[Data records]
━━━━━━━━━━━━━━━━

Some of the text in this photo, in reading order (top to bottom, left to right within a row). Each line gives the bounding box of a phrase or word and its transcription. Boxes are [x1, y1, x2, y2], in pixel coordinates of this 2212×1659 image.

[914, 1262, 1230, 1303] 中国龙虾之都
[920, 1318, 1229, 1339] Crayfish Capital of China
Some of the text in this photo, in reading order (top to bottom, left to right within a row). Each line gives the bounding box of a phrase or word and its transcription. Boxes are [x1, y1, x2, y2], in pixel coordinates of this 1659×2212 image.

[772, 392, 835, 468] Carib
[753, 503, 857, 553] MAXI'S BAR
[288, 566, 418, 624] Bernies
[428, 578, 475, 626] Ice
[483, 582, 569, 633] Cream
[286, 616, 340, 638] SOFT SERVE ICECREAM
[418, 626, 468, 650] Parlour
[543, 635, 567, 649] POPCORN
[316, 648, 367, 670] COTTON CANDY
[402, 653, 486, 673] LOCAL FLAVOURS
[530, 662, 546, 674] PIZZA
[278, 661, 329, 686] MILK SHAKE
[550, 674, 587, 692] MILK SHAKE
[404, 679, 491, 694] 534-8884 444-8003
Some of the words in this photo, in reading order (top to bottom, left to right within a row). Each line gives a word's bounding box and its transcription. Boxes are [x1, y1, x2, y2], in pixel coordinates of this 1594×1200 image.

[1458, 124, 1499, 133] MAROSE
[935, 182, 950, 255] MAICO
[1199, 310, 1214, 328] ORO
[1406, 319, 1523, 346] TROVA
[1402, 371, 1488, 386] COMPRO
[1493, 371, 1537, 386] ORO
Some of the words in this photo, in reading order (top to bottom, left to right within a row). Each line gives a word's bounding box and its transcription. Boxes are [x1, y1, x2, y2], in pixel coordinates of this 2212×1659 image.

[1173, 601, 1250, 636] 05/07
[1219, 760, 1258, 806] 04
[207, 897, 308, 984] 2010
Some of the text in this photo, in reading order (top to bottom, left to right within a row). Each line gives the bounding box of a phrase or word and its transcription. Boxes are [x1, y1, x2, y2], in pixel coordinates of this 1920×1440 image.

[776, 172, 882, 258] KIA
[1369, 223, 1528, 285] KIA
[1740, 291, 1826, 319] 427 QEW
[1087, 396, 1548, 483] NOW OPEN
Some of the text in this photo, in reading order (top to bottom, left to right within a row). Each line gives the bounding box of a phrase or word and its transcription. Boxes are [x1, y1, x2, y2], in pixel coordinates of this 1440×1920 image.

━━━━━━━━━━━━━━━━

Each of the records shown above needs to be repeated exactly.

Some of the text in this photo, in reading order (top to bottom, left to right within a row). Each line gives the bounding box of a phrase or word and its transcription. Boxes are [x1, y1, x2, y2], in pixel coordinates of this 2212×1659 image.

[914, 1262, 1230, 1303] 中国龙虾之都
[920, 1318, 1229, 1339] Crayfish Capital of China
Some of the text in this photo, in reading order (top to bottom, left to right within a row). Each line gives the bounding box of a phrase or word and its transcription. Boxes are [x1, y1, x2, y2], in pixel coordinates of this 1659×2212 image.

[772, 392, 835, 468] Carib
[753, 503, 857, 553] MAXI'S BAR
[288, 566, 418, 624] Bernies
[428, 578, 475, 626] Ice
[483, 582, 569, 633] Cream
[286, 616, 340, 638] SOFT SERVE ICECREAM
[418, 626, 468, 650] Parlour
[543, 635, 567, 649] POPCORN
[316, 648, 367, 670] COTTON CANDY
[402, 653, 486, 673] LOCAL FLAVOURS
[530, 662, 546, 674] PIZZA
[278, 661, 329, 686] MILK SHAKE
[550, 674, 587, 692] MILK SHAKE
[404, 679, 491, 694] 534-8884 444-8003
Some of the words in this photo, in reading order (top to bottom, left to right within a row). Each line gives a word's bounding box and its transcription. Boxes are [x1, y1, x2, y2], in pixel coordinates of this 1594×1200 image.

[1458, 124, 1499, 133] MAROSE
[935, 182, 950, 255] MAICO
[1199, 310, 1214, 328] ORO
[1406, 319, 1523, 346] TROVA
[1402, 371, 1488, 386] COMPRO
[1493, 371, 1537, 386] ORO
Some of the words in this photo, in reading order (top to bottom, left to right within a row). Each line gives a word's bounding box and its transcription. Boxes are [x1, y1, x2, y2], in pixel coordinates of this 2212×1659 image.

[1173, 601, 1250, 636] 05/07
[1219, 760, 1258, 806] 04
[207, 897, 308, 984] 2010
Some of the text in this photo, in reading order (top to bottom, left to right within a row). Each line gives the bounding box of a phrase or word and its transcription. Boxes are [x1, y1, x2, y2], in pixel coordinates of this 1920×1440 image.

[776, 172, 882, 258] KIA
[1369, 223, 1528, 285] KIA
[1740, 291, 1826, 319] 427 QEW
[1087, 396, 1548, 483] NOW OPEN
Some of the text in this photo, in reading order (top to bottom, left to right within a row). Each line gives the bounding box of a phrase or word and its transcription. Boxes are [x1, y1, x2, y2], in pixel coordinates of this 1440×1920 image.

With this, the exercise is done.